▶ Assignment
Each line of the data must be given back verbatim, with pictures removed.
====== Records for processing
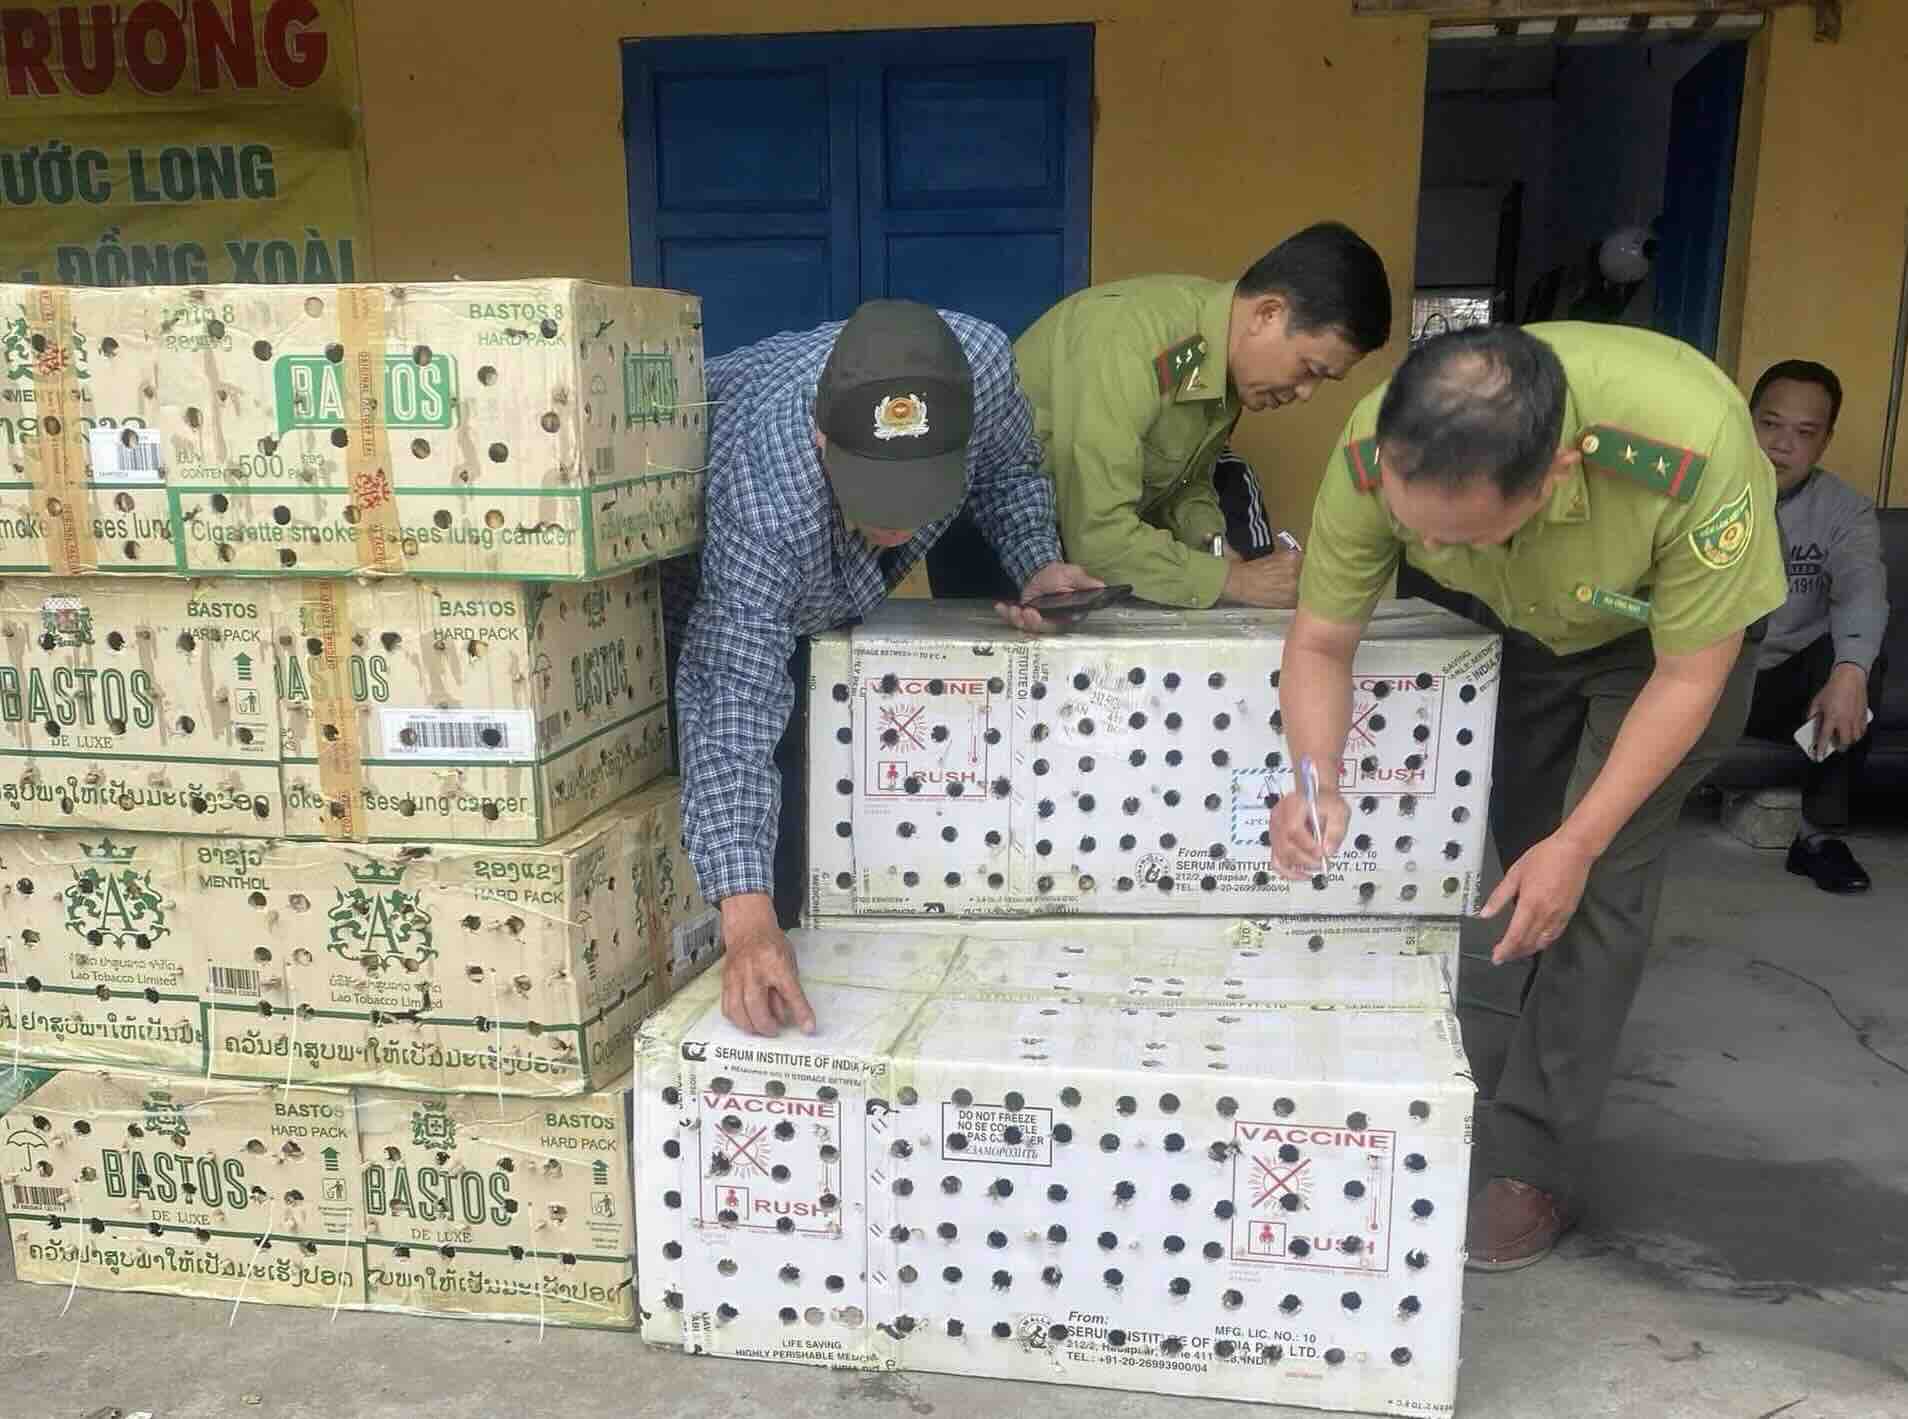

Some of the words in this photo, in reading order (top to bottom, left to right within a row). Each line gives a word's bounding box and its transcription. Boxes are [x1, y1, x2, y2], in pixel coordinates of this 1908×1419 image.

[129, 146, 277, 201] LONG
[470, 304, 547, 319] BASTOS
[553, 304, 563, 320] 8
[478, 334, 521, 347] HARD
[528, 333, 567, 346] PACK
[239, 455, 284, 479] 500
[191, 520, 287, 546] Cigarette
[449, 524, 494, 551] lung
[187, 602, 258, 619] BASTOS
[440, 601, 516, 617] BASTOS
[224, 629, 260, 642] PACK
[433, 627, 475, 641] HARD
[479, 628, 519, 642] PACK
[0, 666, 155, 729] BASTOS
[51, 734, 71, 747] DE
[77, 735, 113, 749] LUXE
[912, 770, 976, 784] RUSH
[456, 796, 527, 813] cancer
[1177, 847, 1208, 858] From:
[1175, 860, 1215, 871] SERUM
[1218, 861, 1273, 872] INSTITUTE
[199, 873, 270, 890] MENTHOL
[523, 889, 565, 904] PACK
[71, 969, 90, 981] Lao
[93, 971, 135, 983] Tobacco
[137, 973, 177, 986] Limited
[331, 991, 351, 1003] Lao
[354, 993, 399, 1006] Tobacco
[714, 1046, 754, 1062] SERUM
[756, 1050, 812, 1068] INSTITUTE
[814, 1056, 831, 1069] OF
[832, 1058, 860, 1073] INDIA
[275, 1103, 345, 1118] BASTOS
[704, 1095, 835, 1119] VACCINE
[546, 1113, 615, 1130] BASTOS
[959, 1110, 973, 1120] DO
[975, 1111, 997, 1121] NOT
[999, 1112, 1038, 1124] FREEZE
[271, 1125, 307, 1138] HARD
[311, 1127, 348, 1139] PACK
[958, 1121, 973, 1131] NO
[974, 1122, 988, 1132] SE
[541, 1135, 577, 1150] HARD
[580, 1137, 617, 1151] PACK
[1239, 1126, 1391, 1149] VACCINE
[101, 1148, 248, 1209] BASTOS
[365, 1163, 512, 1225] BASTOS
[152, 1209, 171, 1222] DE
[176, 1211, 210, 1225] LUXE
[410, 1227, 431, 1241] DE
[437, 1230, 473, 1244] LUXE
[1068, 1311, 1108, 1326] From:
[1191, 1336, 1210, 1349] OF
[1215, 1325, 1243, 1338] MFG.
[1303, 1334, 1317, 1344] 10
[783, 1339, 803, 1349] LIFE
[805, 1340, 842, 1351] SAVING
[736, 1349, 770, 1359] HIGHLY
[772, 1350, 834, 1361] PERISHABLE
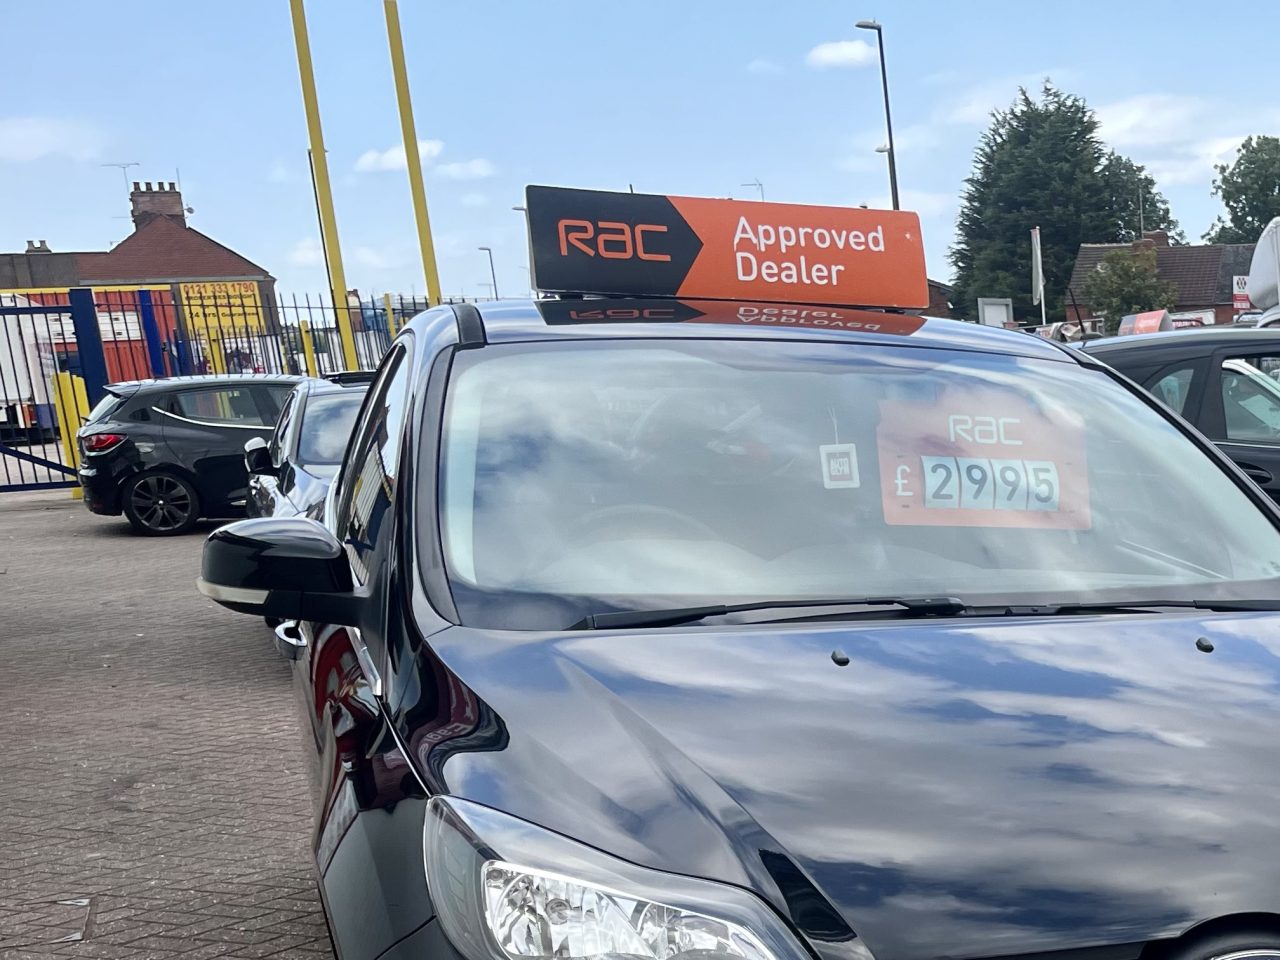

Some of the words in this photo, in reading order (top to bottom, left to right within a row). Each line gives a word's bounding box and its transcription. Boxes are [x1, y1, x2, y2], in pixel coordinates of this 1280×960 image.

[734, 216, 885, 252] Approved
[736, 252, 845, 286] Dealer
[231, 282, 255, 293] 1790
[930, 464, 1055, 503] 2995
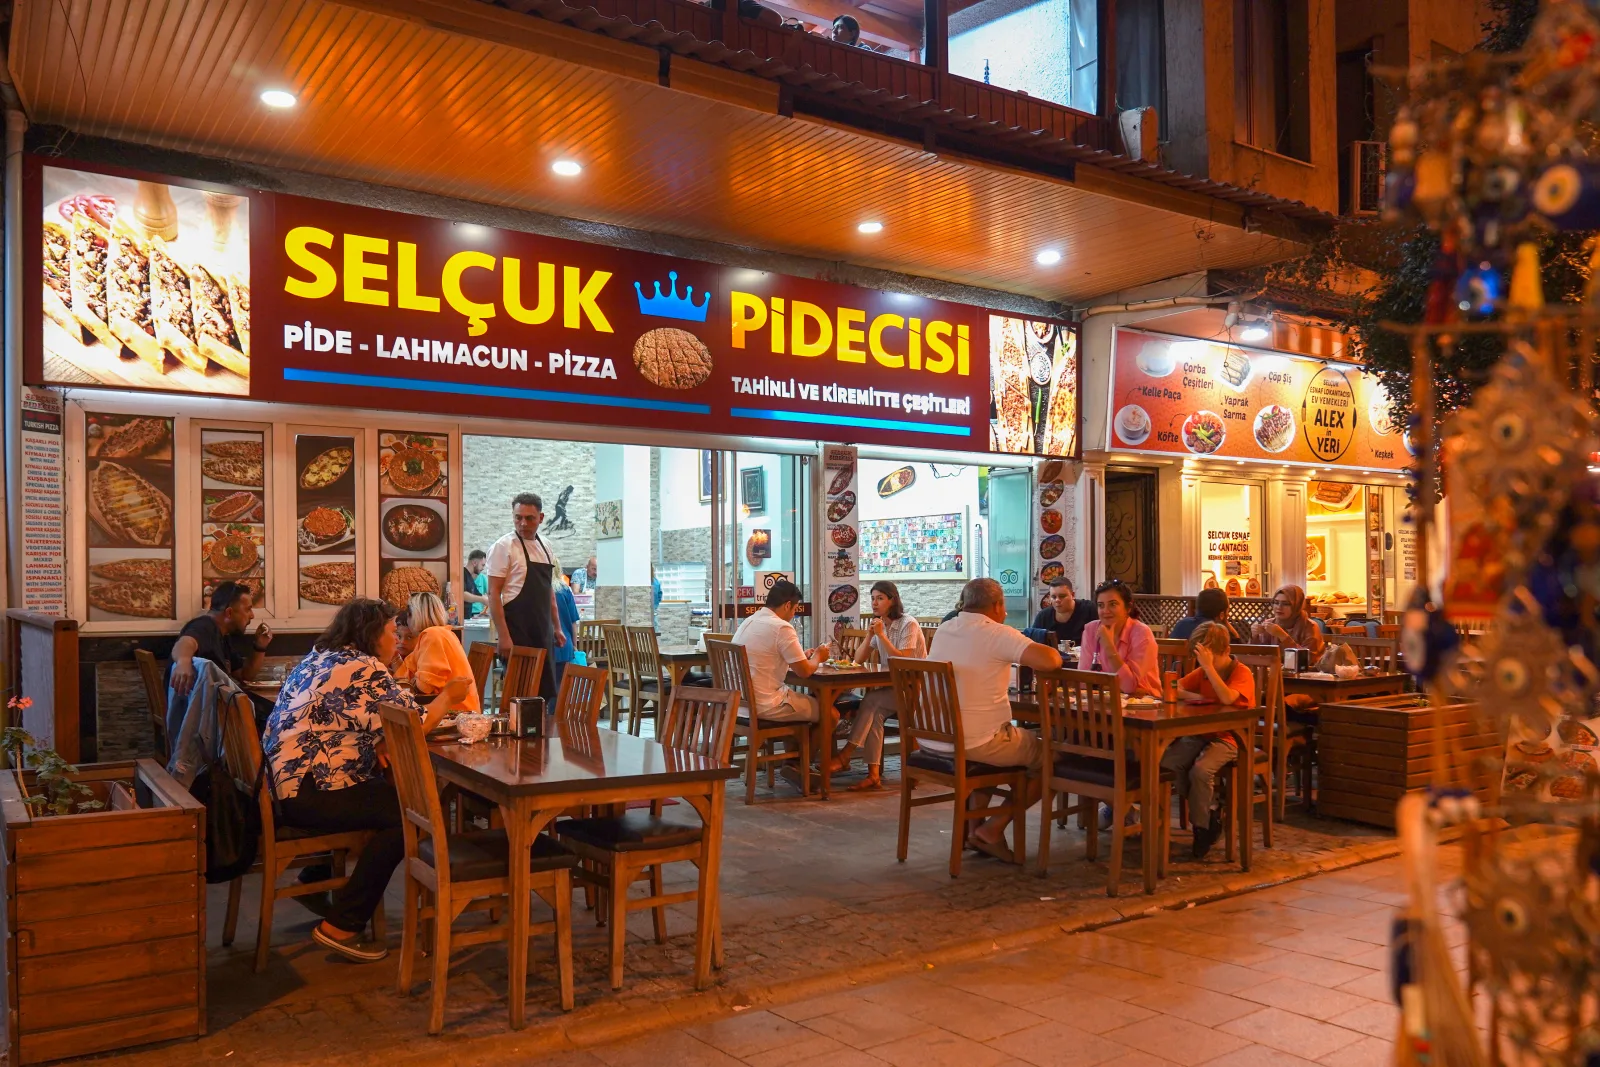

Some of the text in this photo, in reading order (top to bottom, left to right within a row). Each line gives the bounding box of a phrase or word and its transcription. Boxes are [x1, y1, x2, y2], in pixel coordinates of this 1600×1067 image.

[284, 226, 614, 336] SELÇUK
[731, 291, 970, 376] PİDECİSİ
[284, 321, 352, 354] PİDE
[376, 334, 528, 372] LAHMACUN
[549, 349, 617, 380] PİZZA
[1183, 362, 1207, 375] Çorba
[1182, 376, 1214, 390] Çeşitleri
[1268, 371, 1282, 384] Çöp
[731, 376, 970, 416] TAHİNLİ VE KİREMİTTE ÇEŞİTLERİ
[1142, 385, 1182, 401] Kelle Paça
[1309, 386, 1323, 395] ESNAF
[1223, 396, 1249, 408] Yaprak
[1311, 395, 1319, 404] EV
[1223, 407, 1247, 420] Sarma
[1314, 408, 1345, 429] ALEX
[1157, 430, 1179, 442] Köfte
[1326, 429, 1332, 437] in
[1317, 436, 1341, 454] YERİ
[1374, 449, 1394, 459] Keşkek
============
▶ Written solution
Some of the words in this photo, in reading order (top to bottom, left to right within a row). Each line gives a word's bounding box and its transcription. Boxes are [x1, y1, x2, y2], in pixel coordinates of this 1908×1419 image.

[129, 146, 277, 201] LONG
[470, 304, 547, 319] BASTOS
[553, 304, 563, 320] 8
[478, 334, 521, 347] HARD
[528, 333, 567, 346] PACK
[239, 455, 284, 479] 500
[191, 520, 287, 546] Cigarette
[449, 524, 494, 551] lung
[187, 602, 258, 619] BASTOS
[440, 601, 516, 617] BASTOS
[224, 629, 260, 642] PACK
[433, 627, 475, 641] HARD
[479, 628, 519, 642] PACK
[0, 666, 155, 729] BASTOS
[51, 734, 71, 747] DE
[77, 735, 113, 749] LUXE
[912, 770, 976, 784] RUSH
[456, 796, 527, 813] cancer
[1177, 847, 1208, 858] From:
[1175, 860, 1215, 871] SERUM
[1218, 861, 1273, 872] INSTITUTE
[199, 873, 270, 890] MENTHOL
[523, 889, 565, 904] PACK
[71, 969, 90, 981] Lao
[93, 971, 135, 983] Tobacco
[137, 973, 177, 986] Limited
[331, 991, 351, 1003] Lao
[354, 993, 399, 1006] Tobacco
[714, 1046, 754, 1062] SERUM
[756, 1050, 812, 1068] INSTITUTE
[814, 1056, 831, 1069] OF
[832, 1058, 860, 1073] INDIA
[275, 1103, 345, 1118] BASTOS
[704, 1095, 835, 1119] VACCINE
[546, 1113, 615, 1130] BASTOS
[959, 1110, 973, 1120] DO
[975, 1111, 997, 1121] NOT
[999, 1112, 1038, 1124] FREEZE
[271, 1125, 307, 1138] HARD
[311, 1127, 348, 1139] PACK
[958, 1121, 973, 1131] NO
[974, 1122, 988, 1132] SE
[541, 1135, 577, 1150] HARD
[580, 1137, 617, 1151] PACK
[1239, 1126, 1391, 1149] VACCINE
[101, 1148, 248, 1209] BASTOS
[365, 1163, 512, 1225] BASTOS
[152, 1209, 171, 1222] DE
[176, 1211, 210, 1225] LUXE
[410, 1227, 431, 1241] DE
[437, 1230, 473, 1244] LUXE
[1068, 1311, 1108, 1326] From:
[1191, 1336, 1210, 1349] OF
[1215, 1325, 1243, 1338] MFG.
[1303, 1334, 1317, 1344] 10
[783, 1339, 803, 1349] LIFE
[805, 1340, 842, 1351] SAVING
[736, 1349, 770, 1359] HIGHLY
[772, 1350, 834, 1361] PERISHABLE

Some of the words in this photo, in reading order (top to bottom, left to right within a row). Each line gives a word's bounding box and its transcription. Boxes are [x1, y1, x2, y2], in pixel coordinates of this 1280×960 image.

[734, 216, 885, 252] Approved
[736, 252, 845, 286] Dealer
[231, 282, 255, 293] 1790
[930, 464, 1055, 503] 2995

Some of the text in this photo, in reading order (top to bottom, left to right within a row). Each line gives the bounding box of a phrase or word and its transcription. Boxes are [x1, y1, x2, y2], in pixel coordinates of this 1600×1067 image.

[284, 226, 614, 336] SELÇUK
[731, 291, 970, 376] PİDECİSİ
[284, 321, 352, 354] PİDE
[376, 334, 528, 372] LAHMACUN
[549, 349, 617, 380] PİZZA
[1183, 362, 1207, 375] Çorba
[1182, 376, 1214, 390] Çeşitleri
[1268, 371, 1282, 384] Çöp
[731, 376, 970, 416] TAHİNLİ VE KİREMİTTE ÇEŞİTLERİ
[1142, 385, 1182, 401] Kelle Paça
[1309, 386, 1323, 395] ESNAF
[1223, 396, 1249, 408] Yaprak
[1311, 395, 1319, 404] EV
[1223, 407, 1247, 420] Sarma
[1314, 408, 1345, 429] ALEX
[1157, 430, 1179, 442] Köfte
[1326, 429, 1332, 437] in
[1317, 436, 1341, 454] YERİ
[1374, 449, 1394, 459] Keşkek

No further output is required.